I speak from experience here, as I replaced the battery on my toy hauler earlier this year when it stopped being able to power the water pump and a light at the same time. Turns out it wasn't the battery, as the new one did the same thing. Ended up being a bad wire that had an exposed connection that was rusted as shit.
Otherwise just get one of the cheap deep cycle ones from the auto parts stores. They are specifically marked as RV / Marine. The replacement that I got was around $100. It's good for lights and water, haven't tried to run the furnace off it yet though.
frinesi2 last edited by frinesi2
The nice thing about lithium is, you can unhook it and let it sit for years and it will still have a full charge.
SilentbutnotreallyDeadly last edited by
we run a 100ah AGM battery from Delkor. It does the job but it doesn't like going below 50% at all - if it does it takes an age to recharge and only then if it hasn't been damaged.
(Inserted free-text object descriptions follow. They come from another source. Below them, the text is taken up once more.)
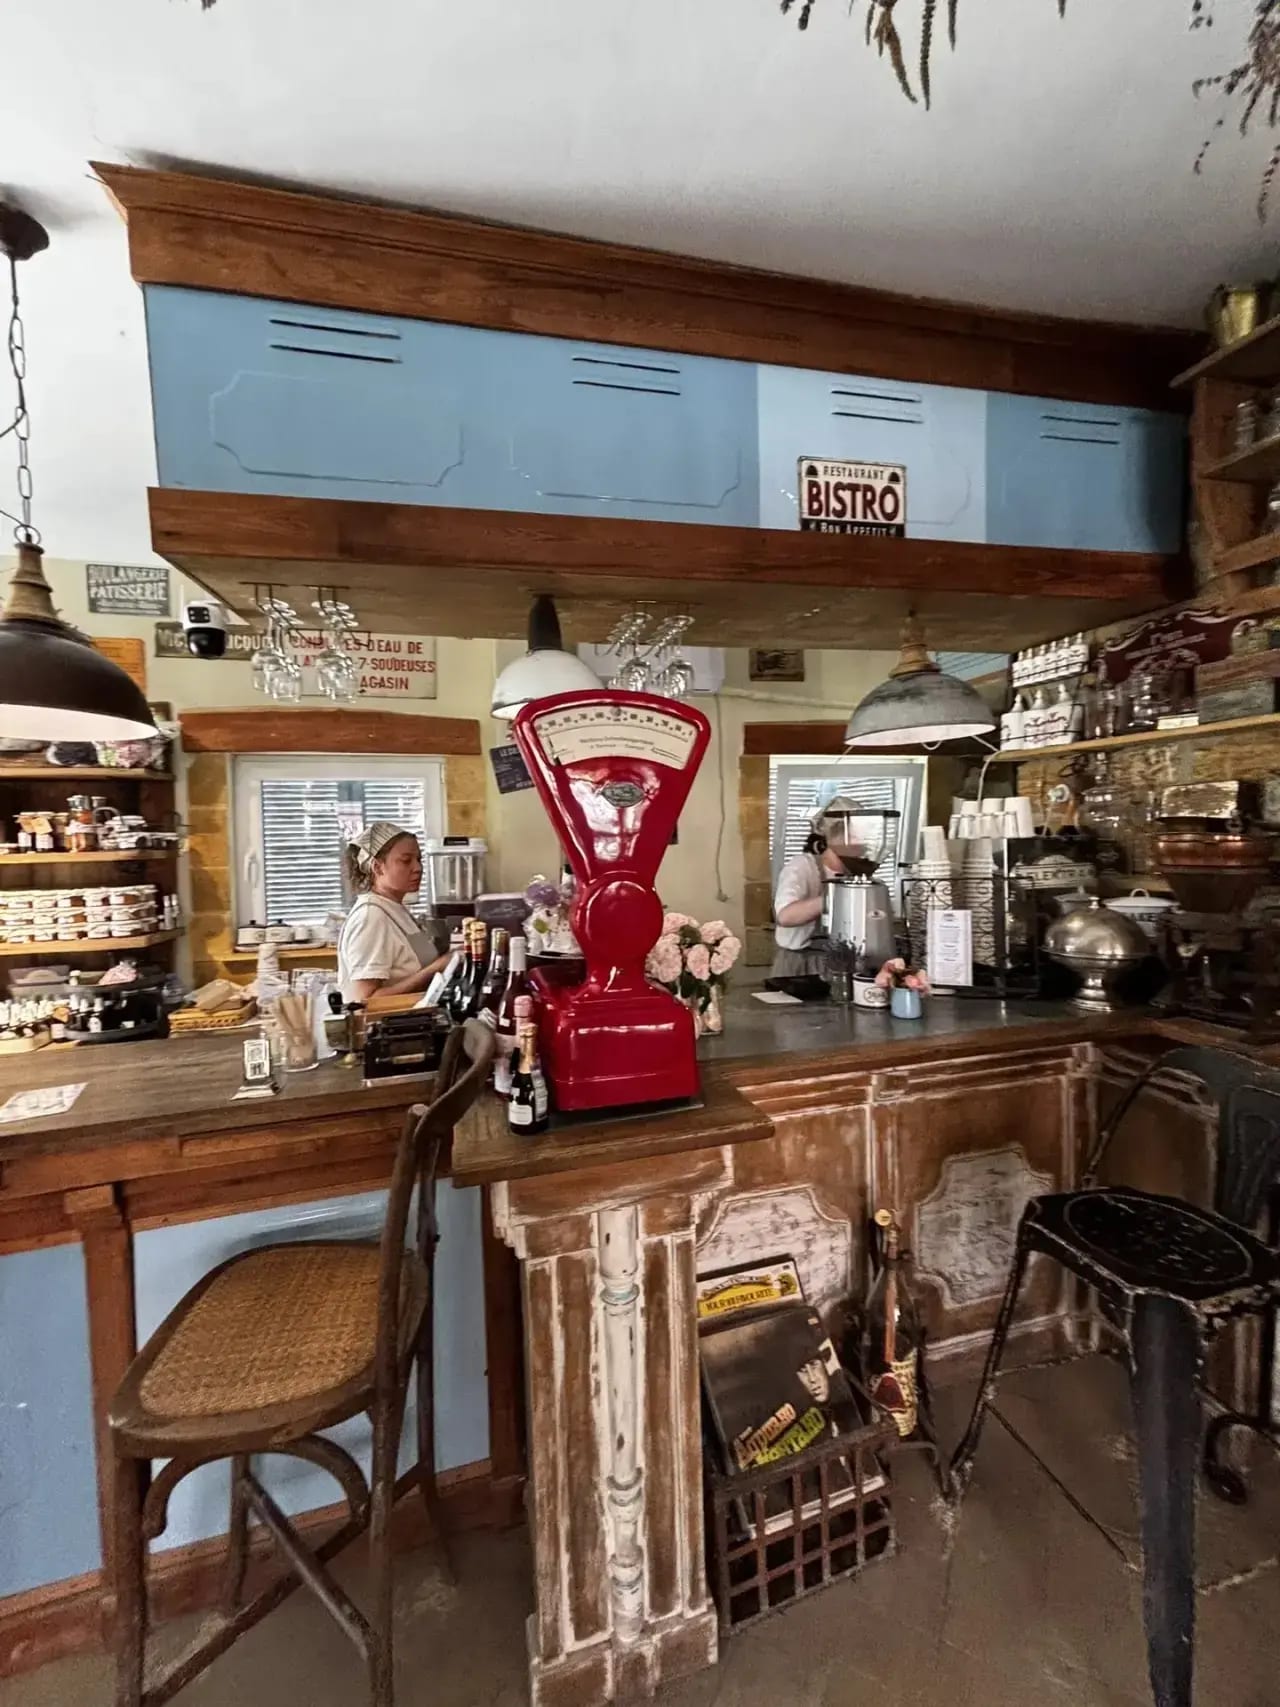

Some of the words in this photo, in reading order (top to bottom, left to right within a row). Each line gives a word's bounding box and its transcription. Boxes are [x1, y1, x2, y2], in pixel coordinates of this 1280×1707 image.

[823, 466, 885, 480] RESTAURANT
[807, 479, 900, 522] BISTRO
[407, 641, 424, 654] DE
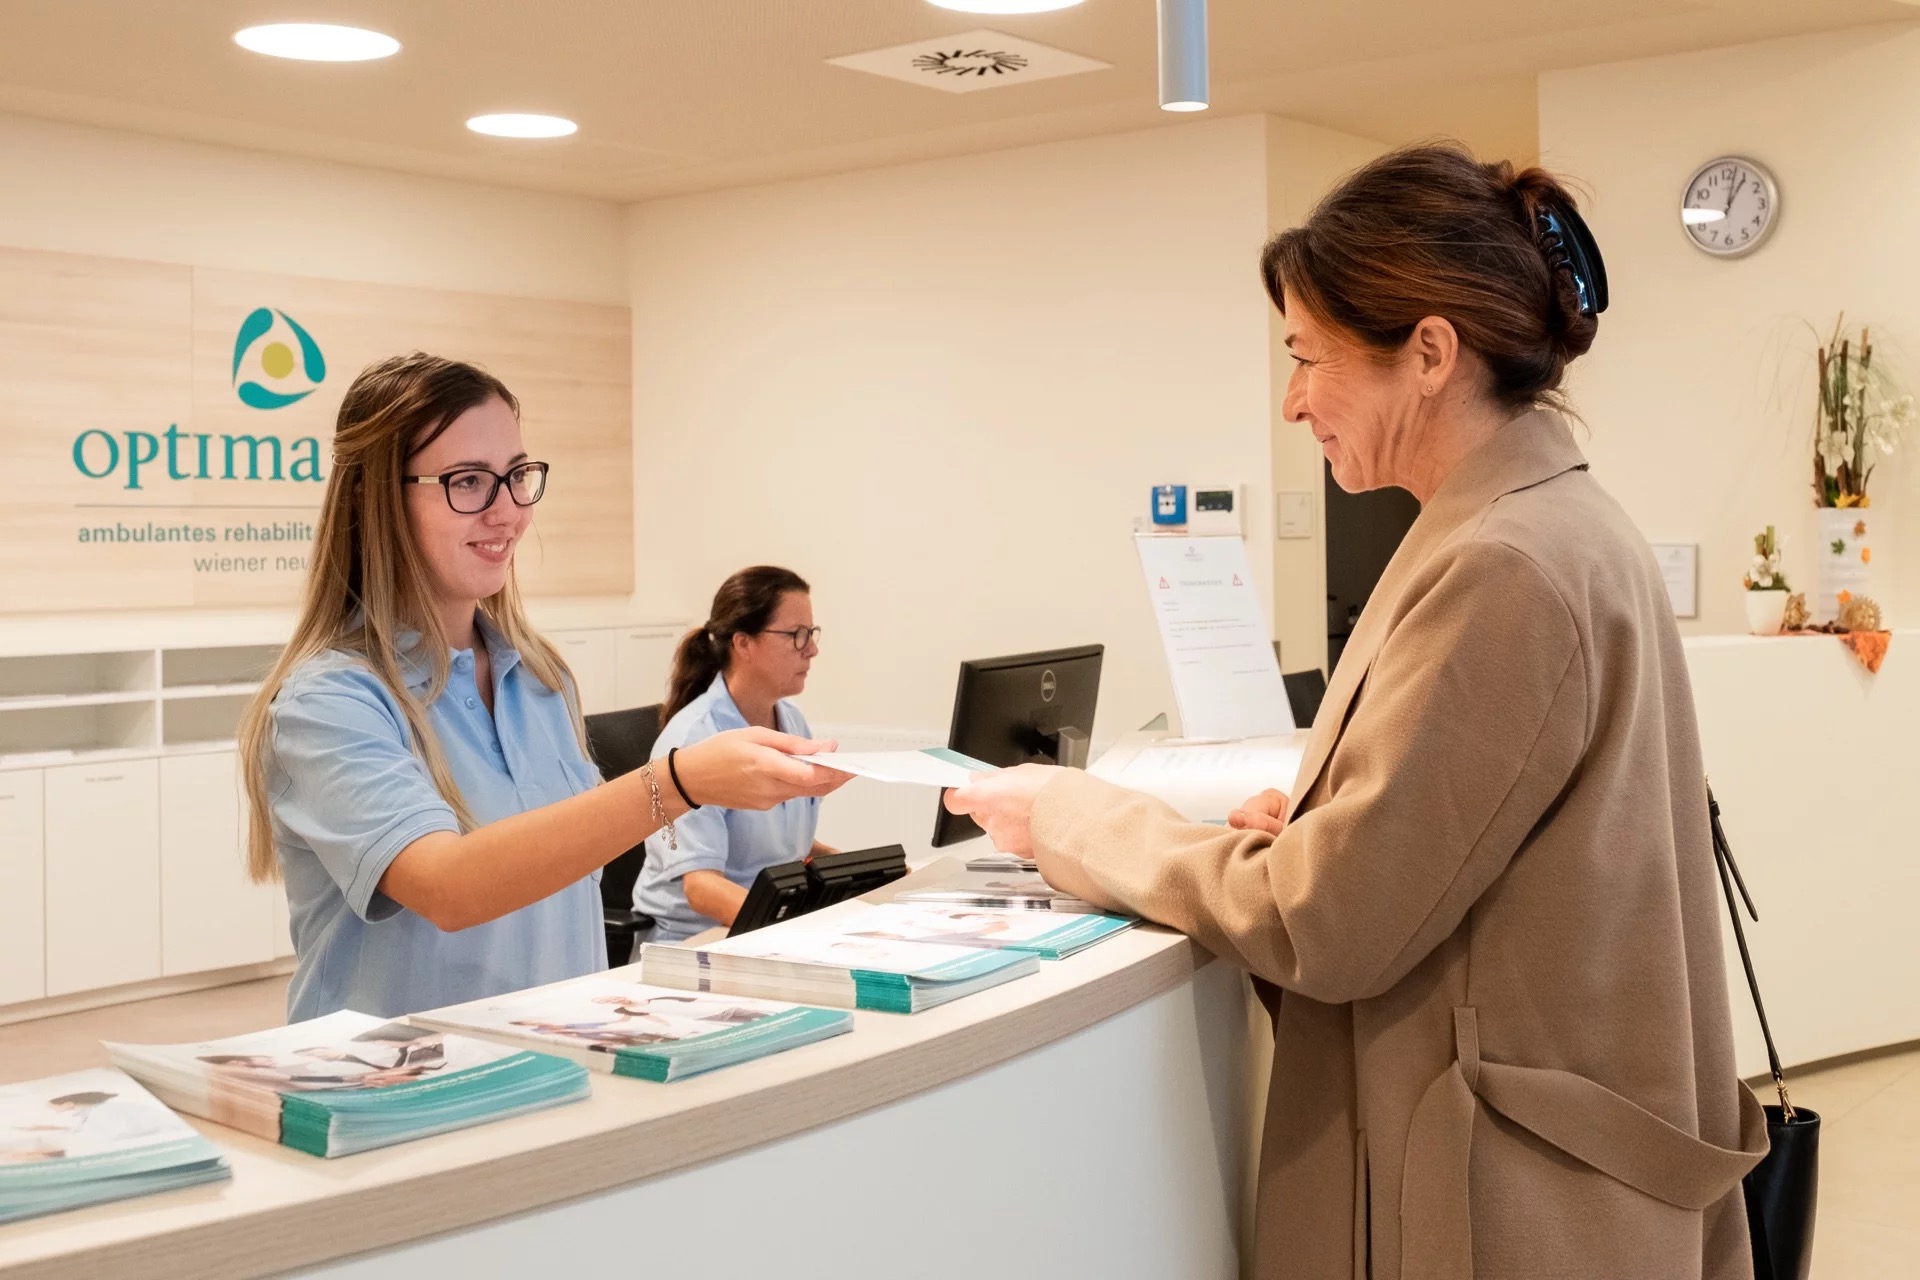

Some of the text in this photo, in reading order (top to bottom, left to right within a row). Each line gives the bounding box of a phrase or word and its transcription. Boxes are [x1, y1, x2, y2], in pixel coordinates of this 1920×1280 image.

[1721, 168, 1733, 181] 12
[1708, 176, 1718, 187] 11
[1752, 181, 1760, 194] 2
[1697, 188, 1710, 200] 10
[1757, 198, 1766, 210] 3
[1752, 216, 1760, 226] 4
[1710, 230, 1719, 242] 7
[1724, 234, 1733, 246] 6
[1741, 228, 1749, 240] 5
[72, 423, 326, 490] optima
[78, 522, 216, 543] ambulantes
[193, 553, 268, 572] wiener
Ours is designed for a constant use situation in an RV so it needs to be hooked up to an energy source (either the car or solar) at all possible times. Which is a bit of a pain in the arse.
The other option is to use it in conjunction with a low voltage cutout so it doesn't get overly discharged. Which is additional cost, complexity and a pain in the arse. Primarily because we run a 40 litre Engel fridge when we camp...
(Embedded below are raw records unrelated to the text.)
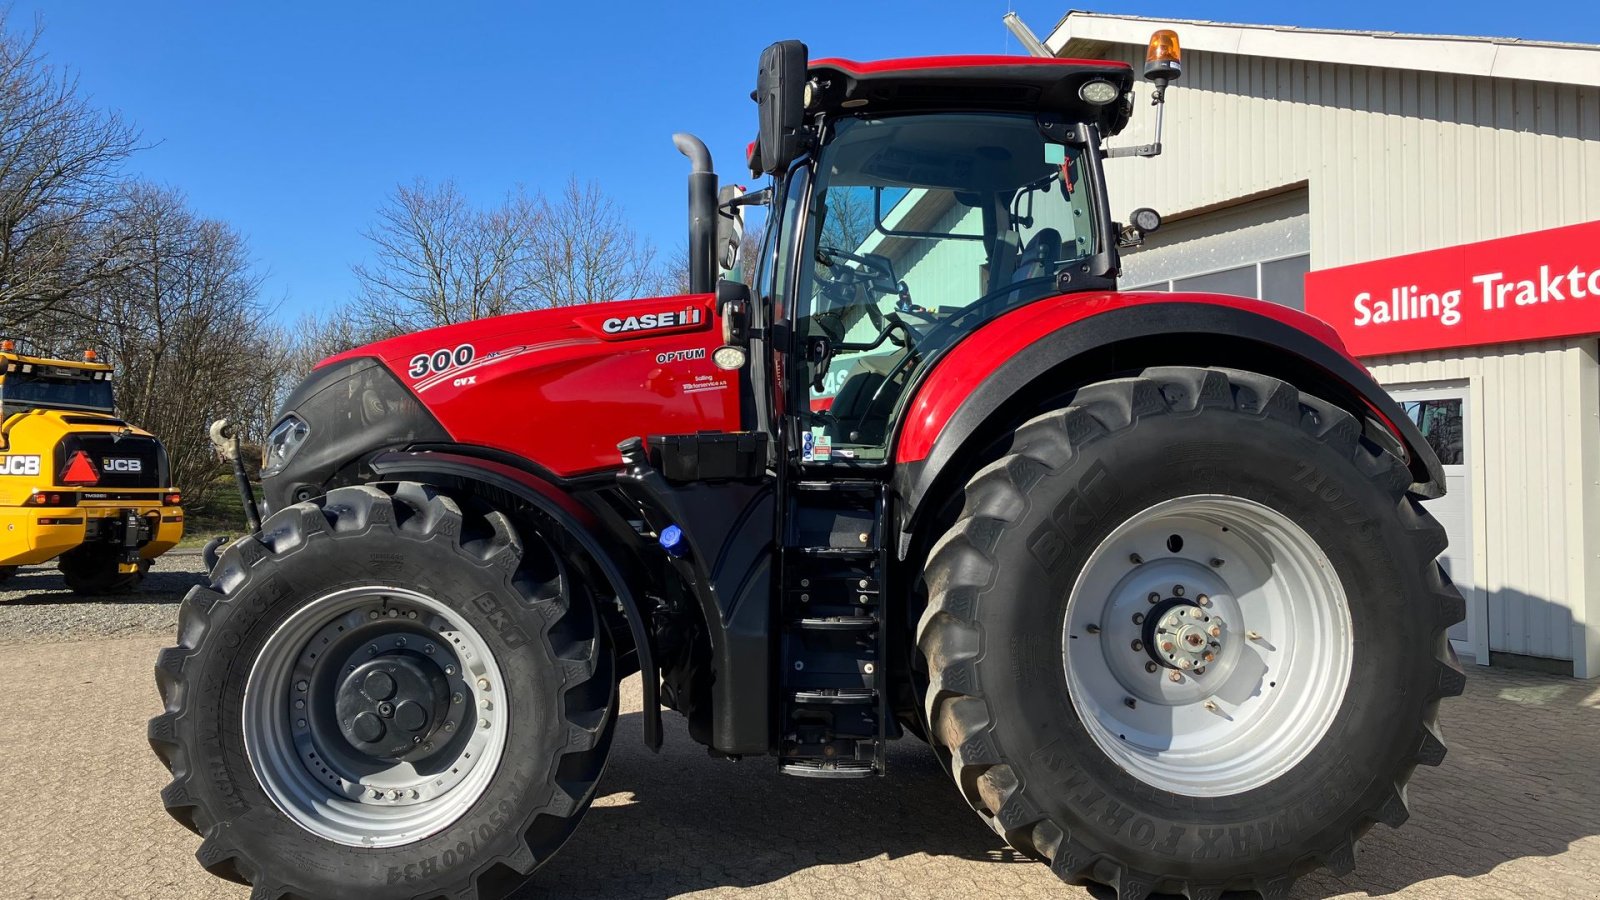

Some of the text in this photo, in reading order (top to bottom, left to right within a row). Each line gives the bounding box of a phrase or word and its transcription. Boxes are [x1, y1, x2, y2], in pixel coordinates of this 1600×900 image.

[1353, 265, 1600, 327] Salling Trakto
[602, 313, 674, 333] CASE
[408, 343, 475, 379] 300
[655, 348, 706, 365] OPTUM
[453, 375, 477, 387] CVX
[0, 456, 40, 475] JCB
[103, 459, 141, 471] JCB
[1023, 458, 1124, 574] BKT
[473, 590, 526, 651] BKT
Next time, I will be sourcing an AGM deep cycle battery...I suggest you do the same as a minimum.
LooseonExit last edited by LooseonExit
AGMs are terrible with questionable charge systems or when you draw them down far like @jminer and @ITA97 mentioned. My Buell 1125CR ate an AGM battery every year, but the stator system was barely enough to cover charging needs so by the end of the year it'd be dead. I ran a tiny Deka AGM (believe is was 8-10lbs, little guy) in my LS1 Camaro but it made a lot of juice so it was fine. A deep cycle (AGM or otherwise) or lithium is what I'd do.
drVanTraveler last edited by
Anyone who is considering lithium batteries, make sure you understand their cold weather problems. AGM's at least can handle cold.
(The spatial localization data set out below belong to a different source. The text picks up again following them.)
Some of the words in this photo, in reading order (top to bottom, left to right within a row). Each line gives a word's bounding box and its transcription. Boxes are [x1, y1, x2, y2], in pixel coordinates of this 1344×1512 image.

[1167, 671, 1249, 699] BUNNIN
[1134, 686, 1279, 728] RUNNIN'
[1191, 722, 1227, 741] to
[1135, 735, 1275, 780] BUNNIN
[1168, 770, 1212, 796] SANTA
ZHP Sparky - the 5th last edited by ZHP Sparky - the 5th
@jminer @ITA97 @drVanTraveler @LooseonExit @SilentbutnotreallyDeadly @frinesi2 @nermal Thanks to you all for your responses - sorry I posted my request towards the end of the workday, got distracted with last minute deadlines, and lost track of this for the rest of the evening.
Yes absolutely the replacement I'm looking at will be a deep cycle battery - and am aware the red top is marketed as a cranking battery...but I've also read that there is very little actual difference between the redtops and blue/yellows other than the terminals on them, but who knows what to believe you read on the internet. As most of you have suggested a deep cycle AGM/SLA is what I'm tending towards.
A gel or lithium doesn't seem worth it to me for a variety of reasons (cost, finicky charging requirements for gel, etc.) - and outside of an actual power loss issue on my trailer itself something around the 35-50aH should be plenty for my use, maybe something a bit bigger if I want that extra capacity to protect against potential over-discharge.
I do have a small 60W solar panel for our Jackery which I do intend to rig up a charge controller and wiring to be able to keep the battery getting some charge while at the campsite. Definitely learnt my lesson on plugging in the trickle charger as soon as I get home too. Unfortunately we only have a 4pin connection on the trailer wiring to our car for the lights, so no automatic charging
from the car battery/alternator on the way back home just to ensure I don't leave it completely drained and forget about it.
All the different types and names for batteries makes my head hurt, thanks for the input!
ZHP Sparky - the 5th last edited by
@frinesi2 Yeah unfortunately they are crazy expensive and not worth the investment for my limited use. Have seen some cool videos online about making a LiPo battery bank of your own which seems to be a cheap way to get in to lithium. But again probably not worth it at this point for our use.